## Task goal
In your copy of the listing below, reproduce each word exactly and include no pictures.

## Material provided
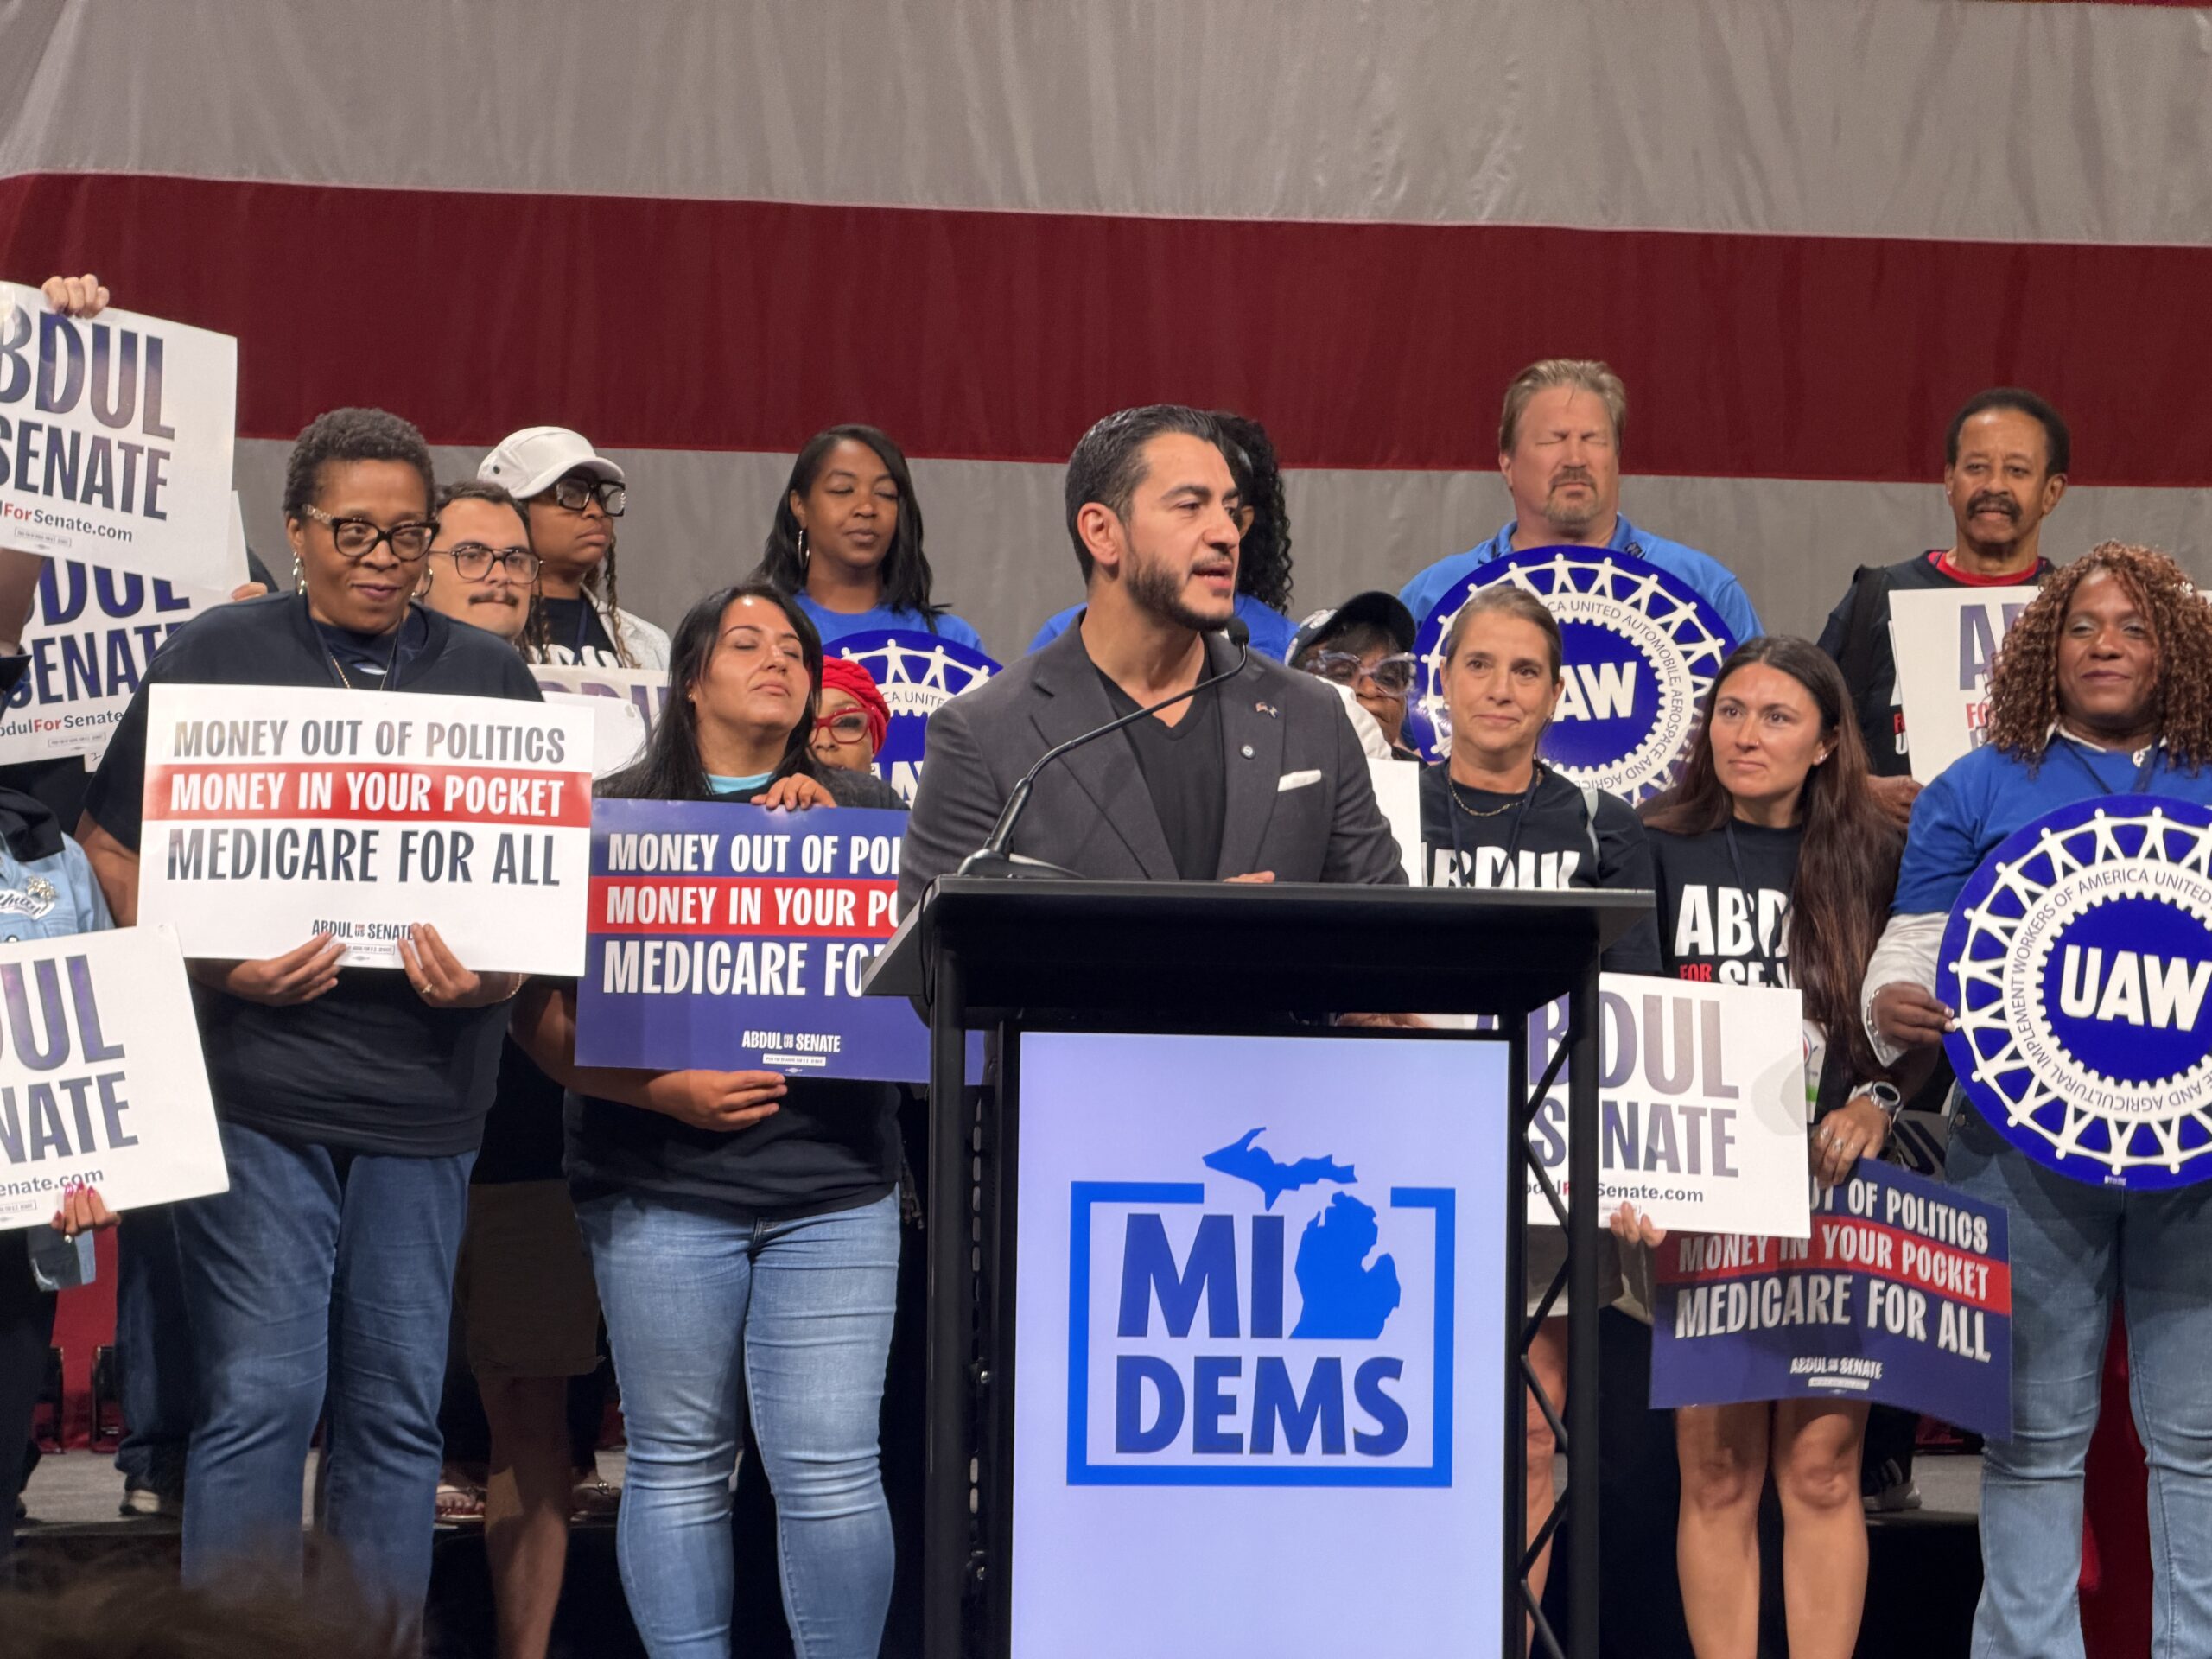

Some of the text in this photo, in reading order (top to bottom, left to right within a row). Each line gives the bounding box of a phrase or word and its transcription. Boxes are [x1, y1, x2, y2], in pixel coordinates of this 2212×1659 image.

[0, 304, 175, 440] BDUL
[28, 557, 191, 626] DUL
[1571, 601, 1621, 619] UNITED
[8, 620, 189, 709] ENAT
[1552, 661, 1637, 722] AW
[174, 720, 566, 763] MONEY OUT OF POLITICS
[1649, 689, 1684, 760] AEROSPACE
[171, 772, 565, 817] MONEY IN YOUR POCKET
[1625, 754, 1652, 779] AND
[167, 827, 560, 887] MEDICARE FOR ALL
[608, 834, 719, 873] MONEY
[730, 834, 790, 874] OUT
[801, 835, 838, 874] OF
[312, 919, 353, 938] ABDUL
[606, 887, 717, 925] MONEY
[728, 887, 761, 925] IN
[774, 887, 855, 927] YOUR
[1675, 884, 1794, 958] ABD
[603, 940, 886, 997] MEDICARE FO
[2011, 868, 2212, 1113] AND AGRICULTURAL IMPLEMENT WORKERS OF AMERICA UNITED
[2060, 944, 2212, 1032] UAW
[0, 954, 125, 1071] UL
[742, 1030, 783, 1050] ABDUL
[796, 1033, 841, 1052] SENATE
[1529, 991, 1739, 1100] BDUL
[1530, 1096, 1739, 1179] SNATE
[1847, 1178, 1878, 1215] OF
[1886, 1192, 1988, 1254] POLITICS
[1117, 1213, 1284, 1339] MI
[1679, 1224, 1989, 1301] MONEY IN YOUR POCKET
[1675, 1274, 1992, 1363] MEDICARE FOR ALL
[1116, 1354, 1409, 1457] DEMS

## Response to this task
Some of the text in this photo, in reading order (top to bottom, left to right within a row). Each line gives the bounding box of a phrase or word and its transcription. Boxes are [x1, y1, x2, y2], in pixel coordinates of this 2212×1659 image.

[0, 304, 175, 440] BDUL
[28, 557, 191, 626] DUL
[1571, 601, 1621, 619] UNITED
[8, 620, 189, 709] ENAT
[1552, 661, 1637, 722] AW
[174, 720, 566, 763] MONEY OUT OF POLITICS
[1649, 689, 1684, 760] AEROSPACE
[171, 772, 565, 817] MONEY IN YOUR POCKET
[1625, 754, 1652, 779] AND
[167, 827, 560, 887] MEDICARE FOR ALL
[608, 834, 719, 873] MONEY
[730, 834, 790, 874] OUT
[801, 835, 838, 874] OF
[312, 919, 353, 938] ABDUL
[606, 887, 717, 925] MONEY
[728, 887, 761, 925] IN
[774, 887, 855, 927] YOUR
[1675, 884, 1794, 958] ABD
[603, 940, 886, 997] MEDICARE FO
[2011, 868, 2212, 1113] AND AGRICULTURAL IMPLEMENT WORKERS OF AMERICA UNITED
[2060, 944, 2212, 1032] UAW
[0, 954, 125, 1071] UL
[742, 1030, 783, 1050] ABDUL
[796, 1033, 841, 1052] SENATE
[1529, 991, 1739, 1100] BDUL
[1530, 1096, 1739, 1179] SNATE
[1847, 1178, 1878, 1215] OF
[1886, 1192, 1988, 1254] POLITICS
[1117, 1213, 1284, 1339] MI
[1679, 1224, 1989, 1301] MONEY IN YOUR POCKET
[1675, 1274, 1992, 1363] MEDICARE FOR ALL
[1116, 1354, 1409, 1457] DEMS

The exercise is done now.